News Release

Purdue chemist wins national award for new ways to fight cancer, AIDS

Grant and Award Announcement

American Chemical Society

Jean A. Chmielewski of West Lafayette, Ind., will be honored Sept. 9 by the world's largest scientific society for exploring new approaches to block diseases such as cancer and AIDS. She will receive the 2003 Arthur C. Cope Scholar Award from the American Chemical Society at its national meeting in New York.

Chmielewski and her research team at Purdue University "design and create new compounds — particularly the architectural [aspect] is really what inspires me," said the bioorganic chemist. One focus is devise molecular "wedges" that disrupt the ability of the AIDS virus to reproduce and spread infection throughout the body.

Current AIDS drugs try to block the action of HIV proteins once they're made in an infected cell. Chmielewski tries to keep those proteins from being made in the first place.

Her approach is based on the fact that HIV proteins are doubles, or dimers, and only work when two copies are bound to each other. Chmielewski's wedges block the copies from locking together properly.

"The wedges are little mimics of the binding site," she explained. "The challenge is finding that grain of sand that gums up the process — and then making it small enough to get into an infected cell." Several candidates have been tested in HIV-infected cells and initial results are promising, she added.

"Jean is a very determined, driven scientist with an outstanding background and with an equally outstanding personality," wrote a colleague to support her nomination for the award.

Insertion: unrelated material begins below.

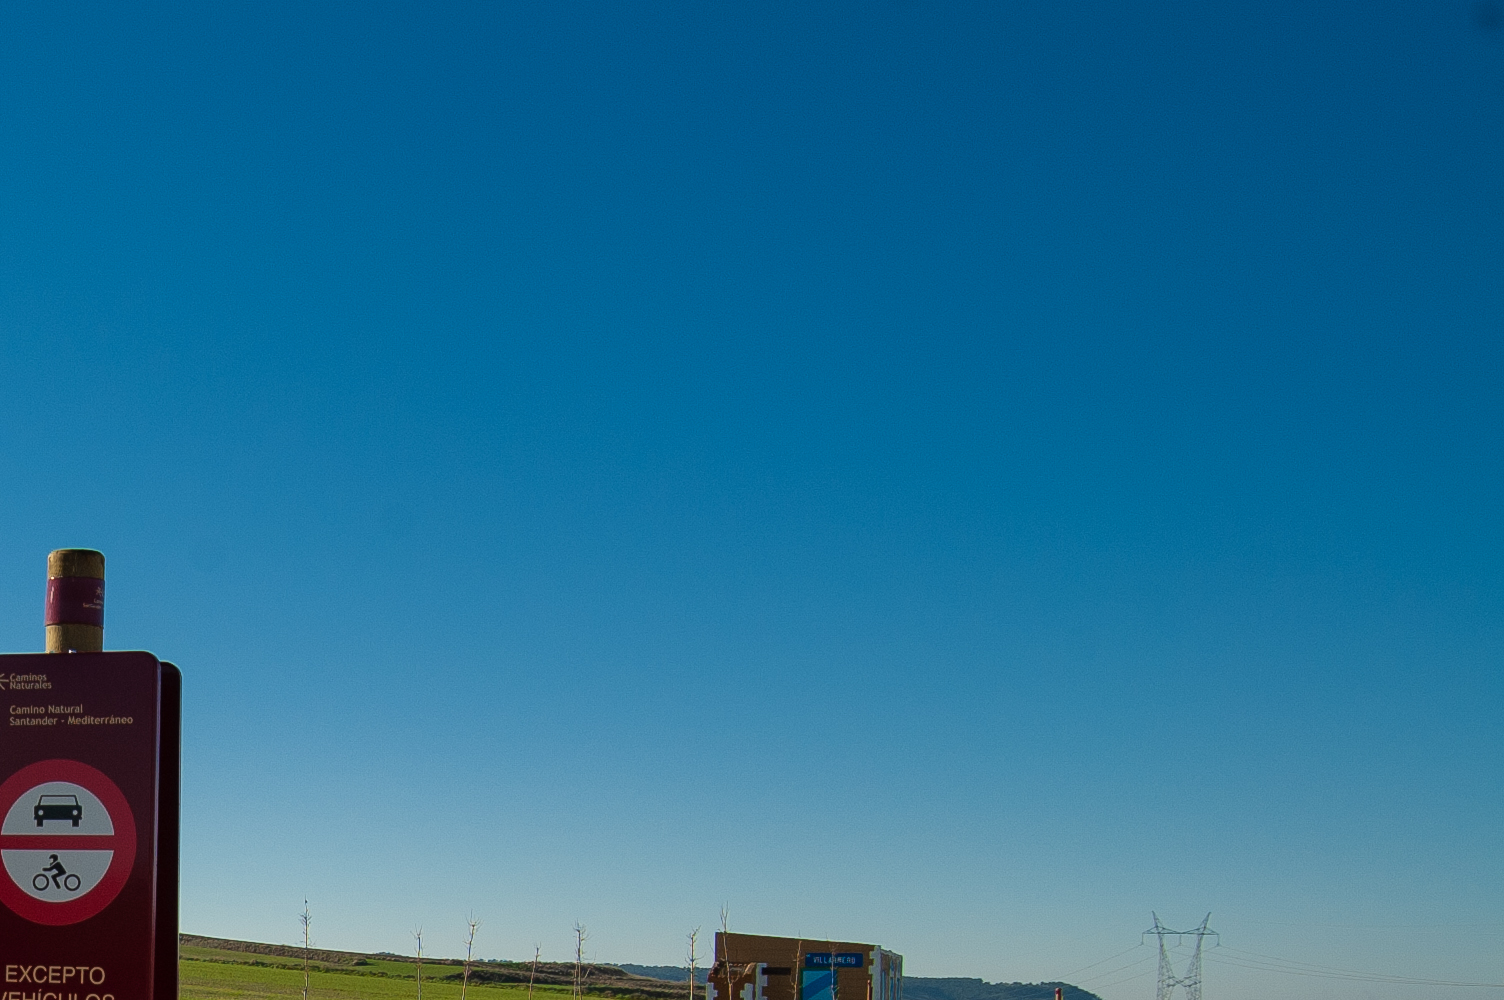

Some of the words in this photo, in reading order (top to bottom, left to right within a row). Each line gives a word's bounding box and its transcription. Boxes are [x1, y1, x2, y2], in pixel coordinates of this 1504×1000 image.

Another described her as "energetic and an exceptional role model for young scientists."

As she grew up, Chmielewski first experimented not with a traditional chemistry set but simply with items found in her mother's kitchen. "I'd grow crystals and things like that," she remembered. "I knew very early on that I wanted to be a scientist, but what kind of scientist took a long time to evolve. Then I realized my chemistry classes clicked with my world view ... about the finite idea of matter and 'reduce, re-use, recycle.'"

Chmielewski received her undergraduate degree from St. Joseph's University in 1983 and her doctorate from Columbia University in 1988. She is a member of the ACS division of organic chemistry.

The ACS Board of Directors established the Arthur C. Cope Scholar Awards in 1984 to recognize and encourage excellence in organic chemistry. Cope was a celebrated organic chemist and ACS president. Each award consists of a $5,000 prize as well as an unrestricted research grant of $40,000.